<<<<

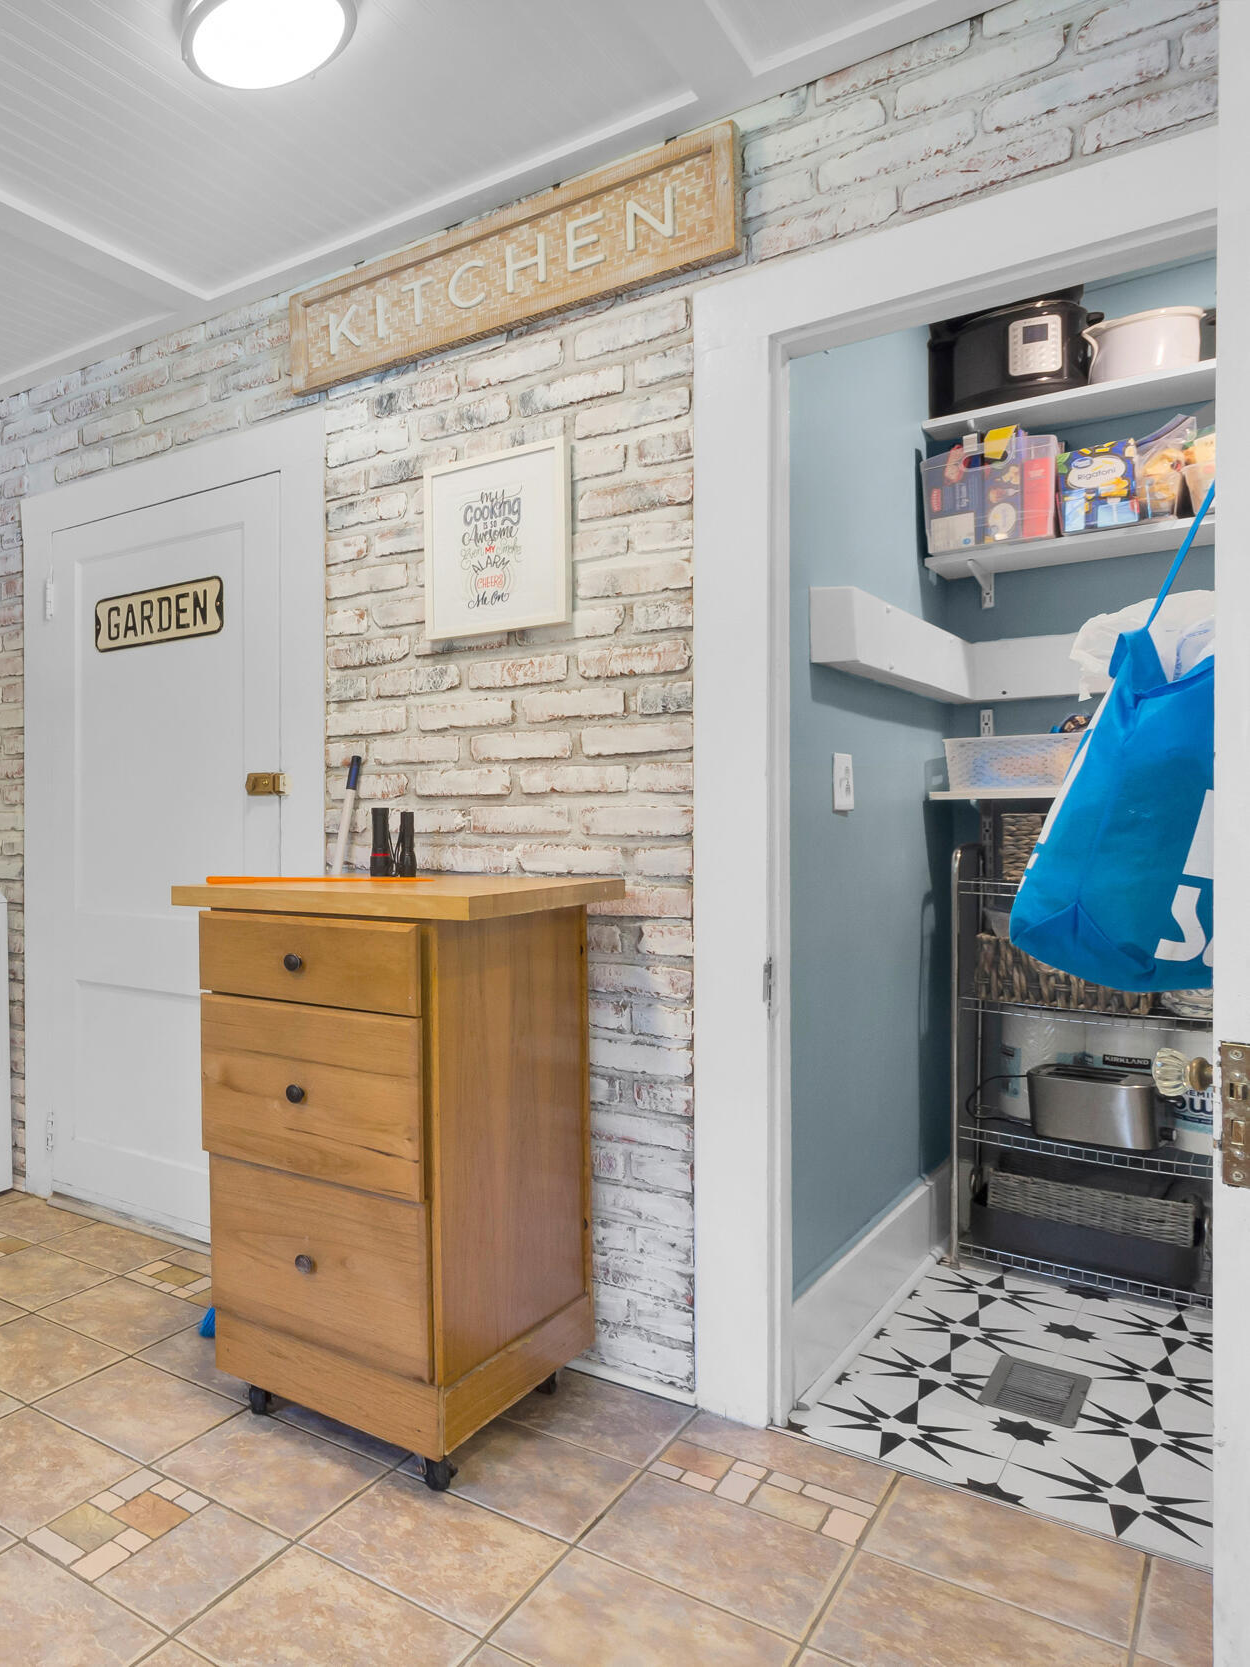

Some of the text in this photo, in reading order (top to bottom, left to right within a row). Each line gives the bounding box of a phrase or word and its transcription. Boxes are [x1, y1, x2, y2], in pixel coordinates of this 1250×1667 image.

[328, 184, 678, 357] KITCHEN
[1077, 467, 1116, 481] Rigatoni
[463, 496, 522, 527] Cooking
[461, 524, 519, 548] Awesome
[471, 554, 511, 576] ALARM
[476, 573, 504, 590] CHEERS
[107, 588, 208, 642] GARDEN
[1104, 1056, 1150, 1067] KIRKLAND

>>>>
<<<<

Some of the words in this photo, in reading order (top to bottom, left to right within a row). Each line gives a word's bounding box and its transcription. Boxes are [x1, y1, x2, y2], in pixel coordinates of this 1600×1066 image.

>>>>
<<<<

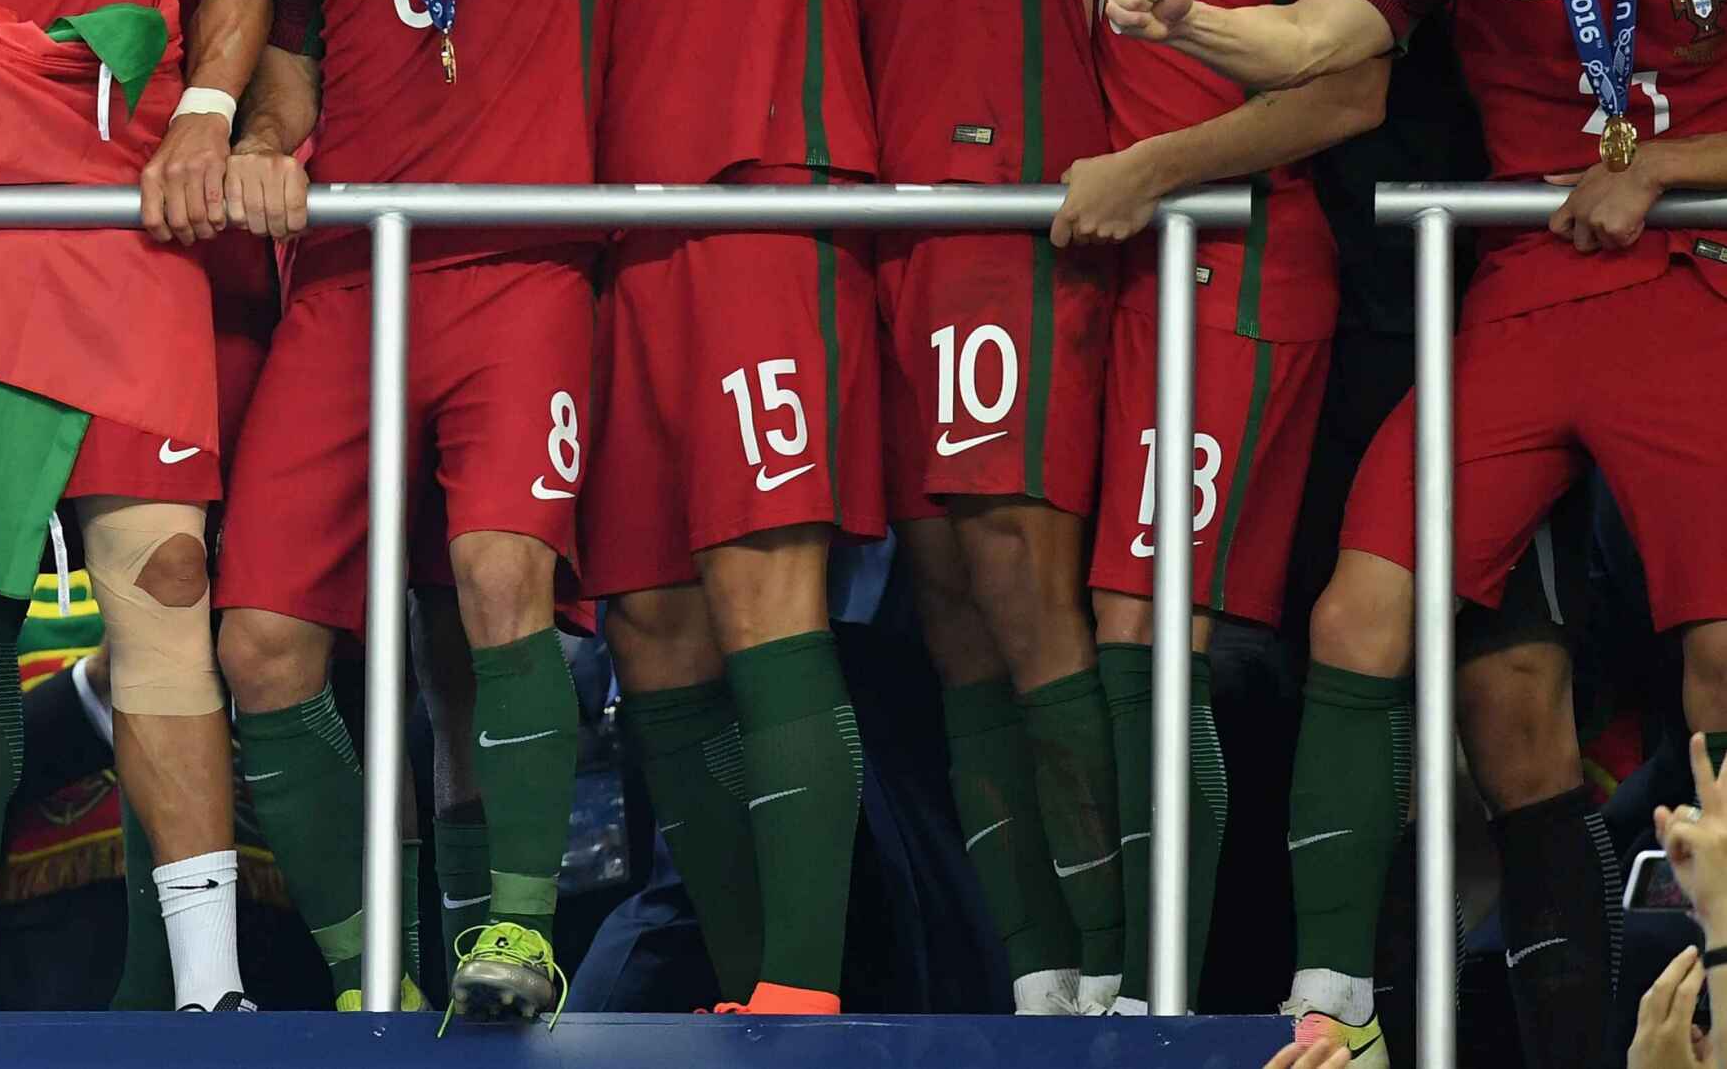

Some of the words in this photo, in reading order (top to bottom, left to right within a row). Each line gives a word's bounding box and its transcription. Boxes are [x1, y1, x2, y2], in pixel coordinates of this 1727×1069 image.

>>>>

> [Exercise aim]
Pull every line that holds the string "words" out of the records.

> [Answer to this task]
Some of the words in this photo, in reading order (top to bottom, left to right within a row). Each line gives a word's bounding box and its transcription. Boxes are [x1, y1, x2, y2], in pixel coordinates of this 1600×1066 image.
Some of the words in this photo, in reading order (top to bottom, left to right within a row). Each line gives a word's bounding box and its transcription. Boxes are [x1, y1, x2, y2], in pixel coordinates of this 1727×1069 image.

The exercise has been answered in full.